Exercise instructions: Among the entries, how many lines carry the string "text"? Give the number and nothing else.

Records provided:
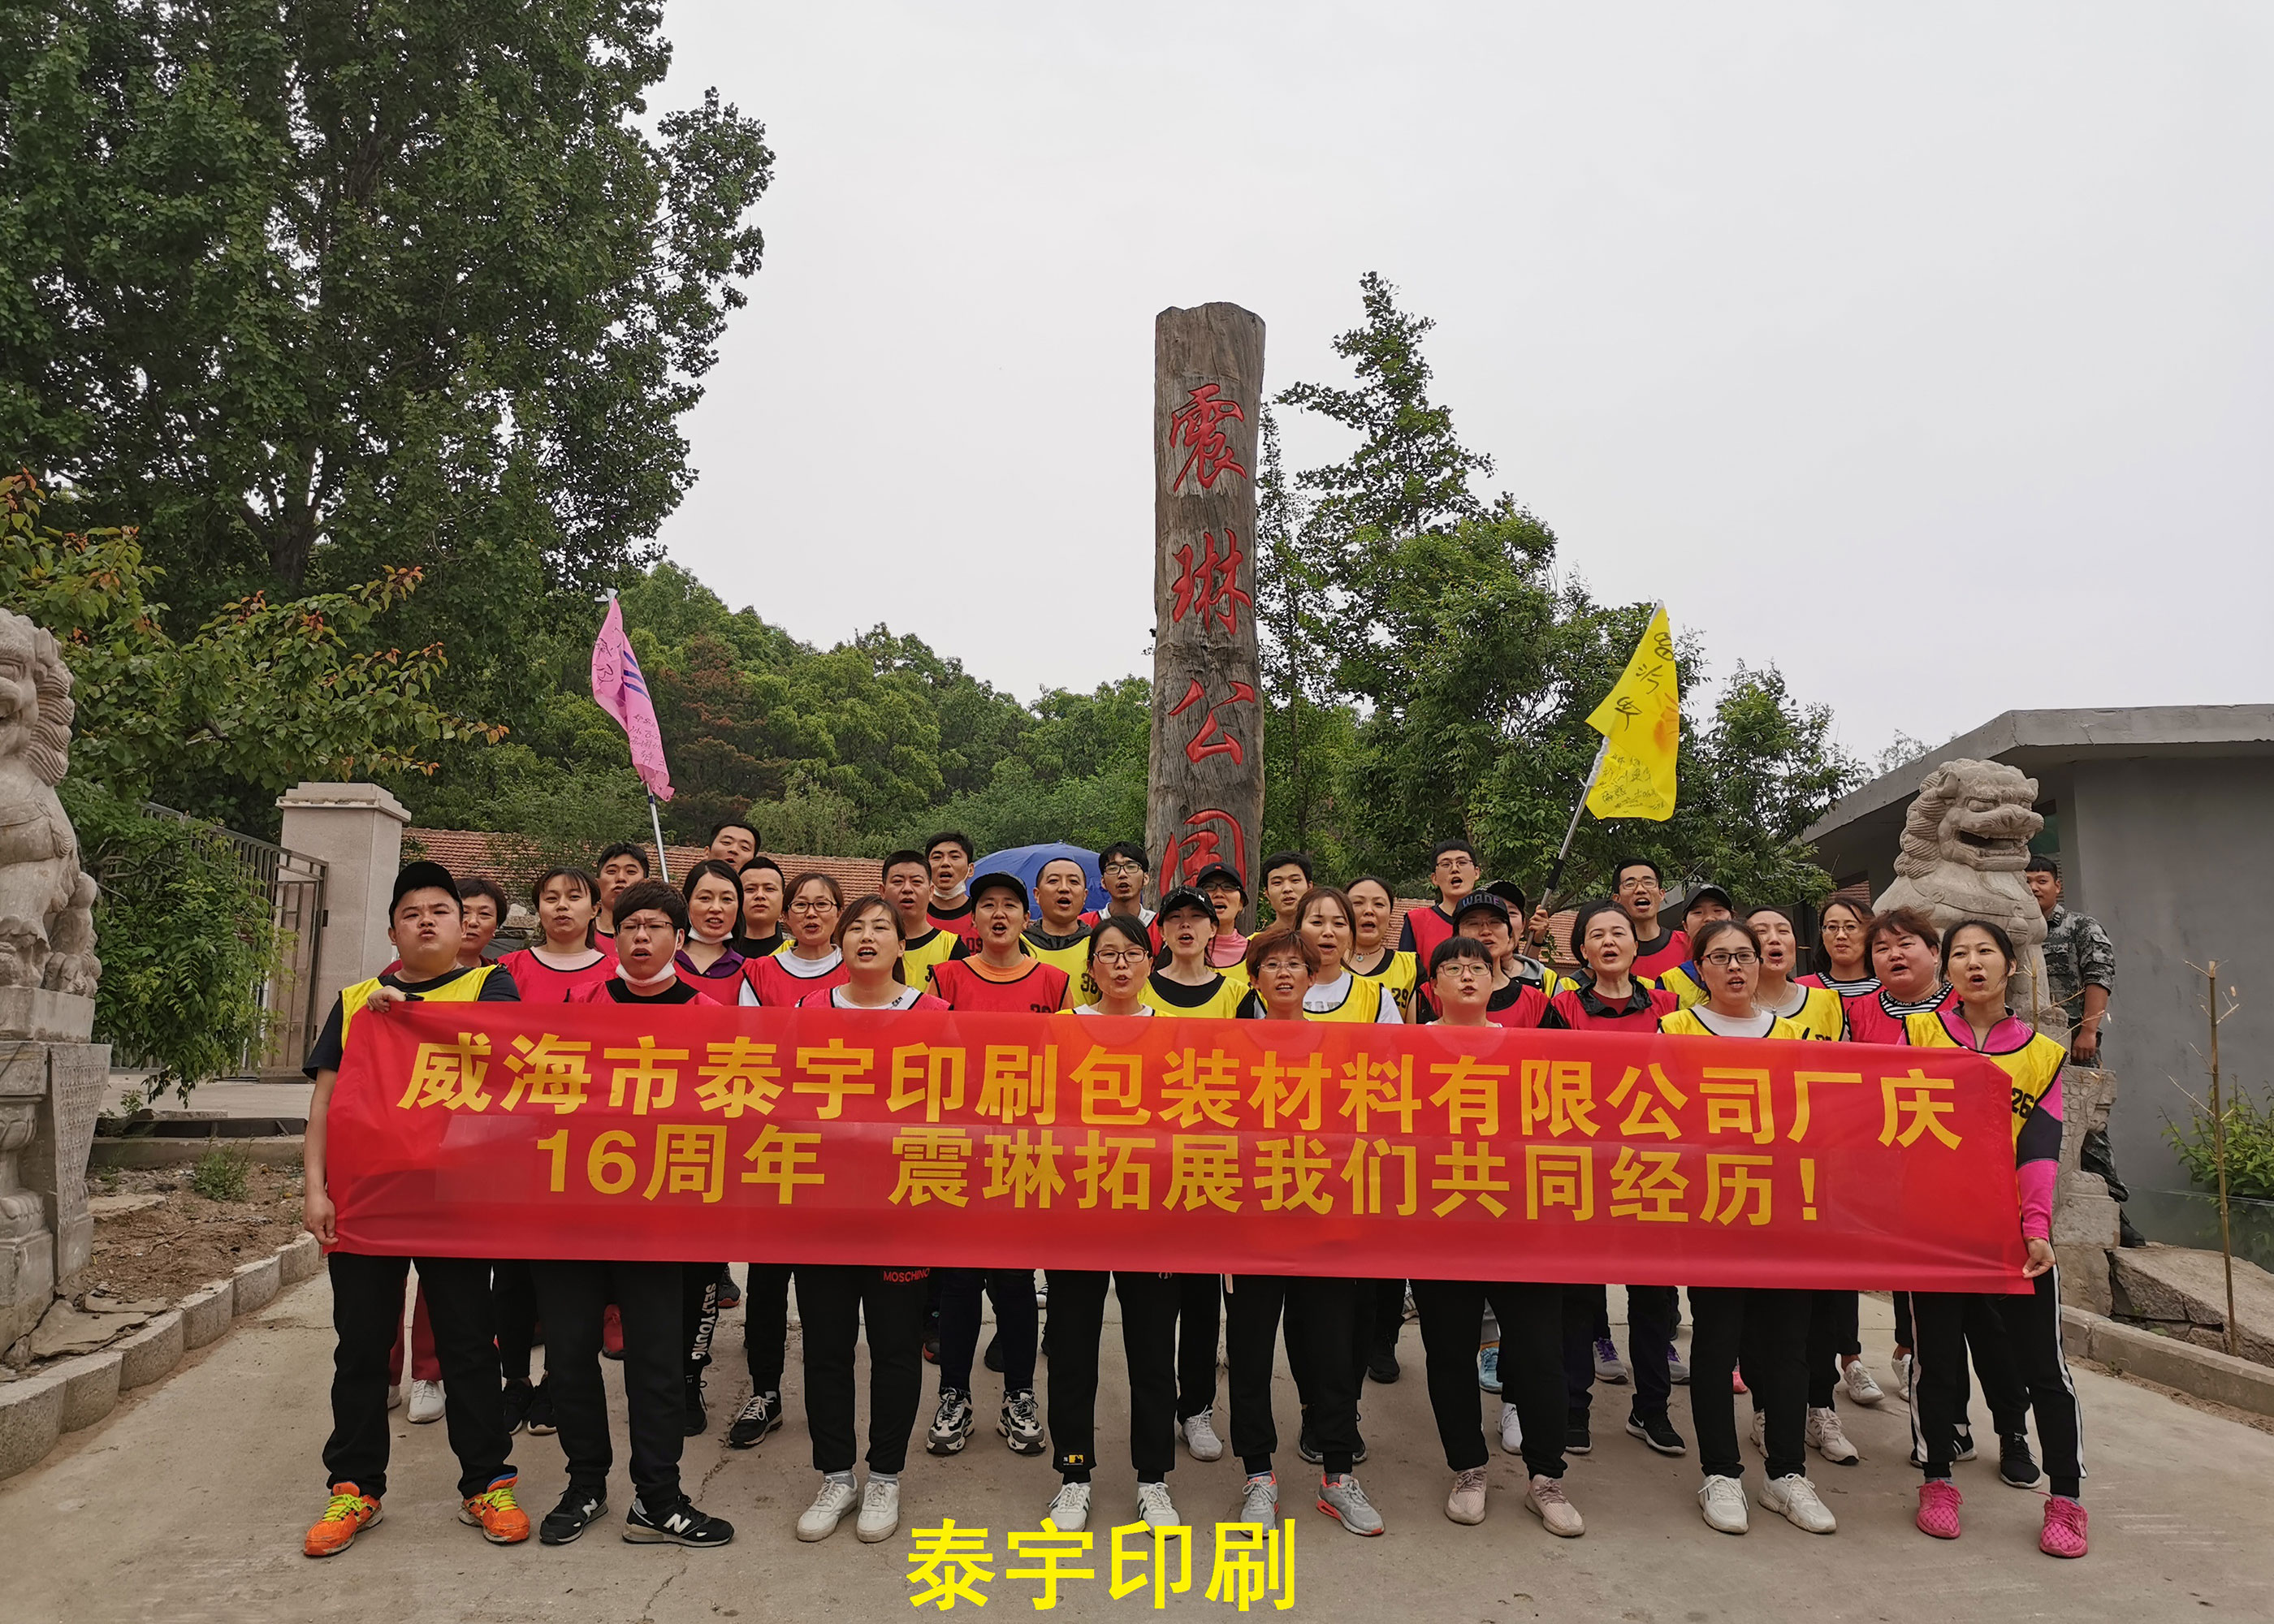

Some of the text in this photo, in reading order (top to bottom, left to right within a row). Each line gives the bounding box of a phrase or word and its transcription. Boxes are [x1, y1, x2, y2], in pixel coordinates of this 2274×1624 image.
--
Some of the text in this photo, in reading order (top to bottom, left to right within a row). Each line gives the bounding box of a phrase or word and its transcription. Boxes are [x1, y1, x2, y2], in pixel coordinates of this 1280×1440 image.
--
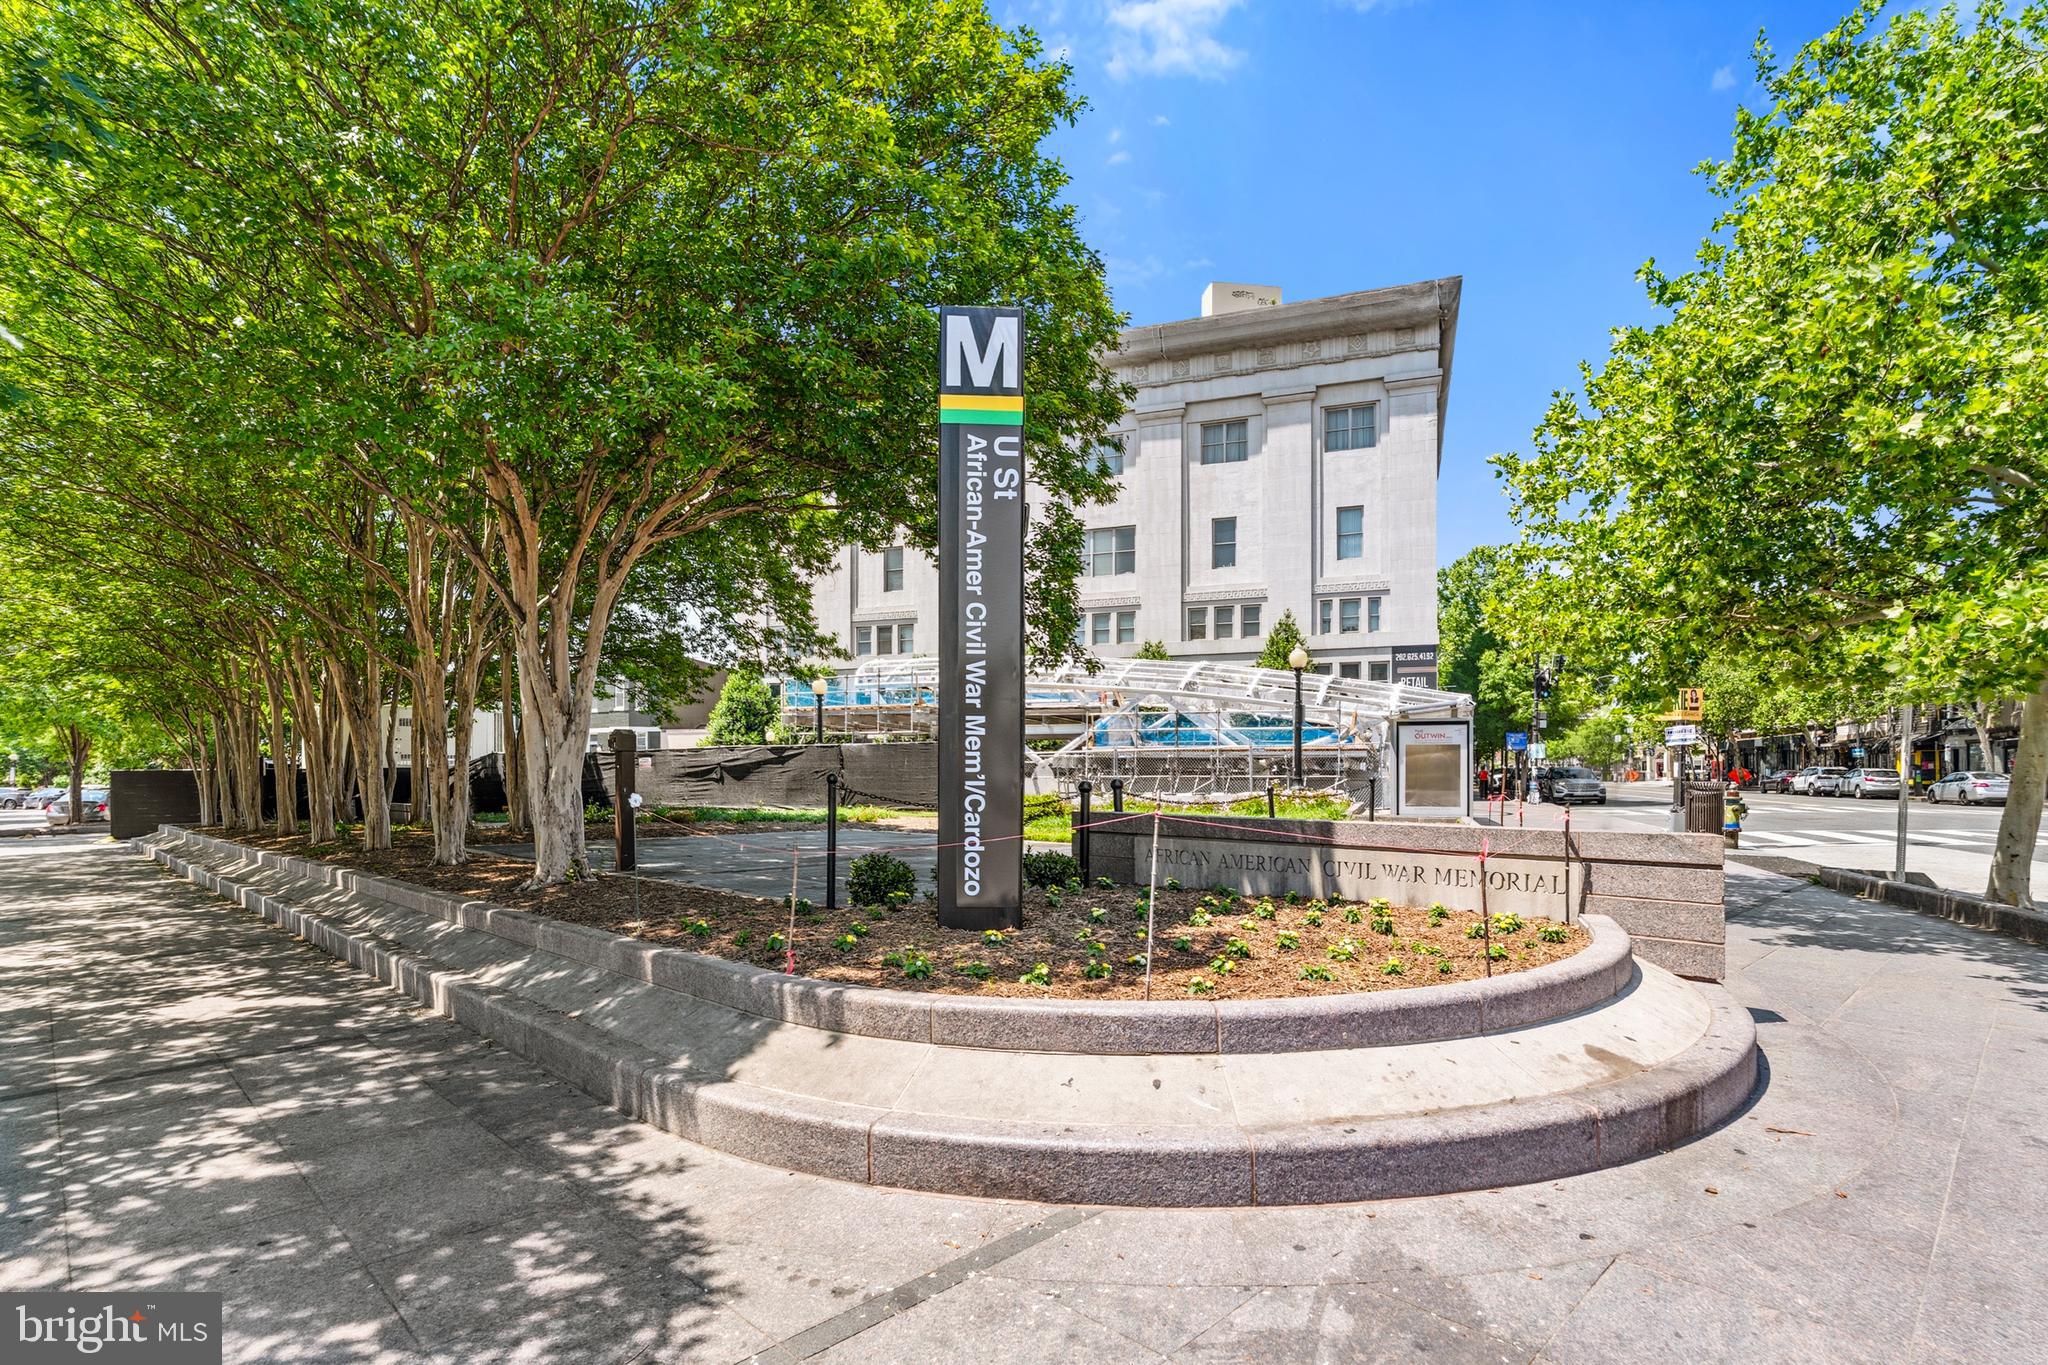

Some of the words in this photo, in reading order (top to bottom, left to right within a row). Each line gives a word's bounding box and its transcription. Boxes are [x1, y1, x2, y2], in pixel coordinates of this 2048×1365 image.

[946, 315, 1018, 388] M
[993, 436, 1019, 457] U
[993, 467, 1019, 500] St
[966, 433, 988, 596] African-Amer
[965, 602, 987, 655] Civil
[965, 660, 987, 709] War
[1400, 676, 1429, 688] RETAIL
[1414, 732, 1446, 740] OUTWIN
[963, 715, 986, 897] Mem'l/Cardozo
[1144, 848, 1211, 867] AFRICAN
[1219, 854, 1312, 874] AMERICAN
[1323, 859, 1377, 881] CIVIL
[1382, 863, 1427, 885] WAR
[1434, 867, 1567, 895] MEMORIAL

Written response: 2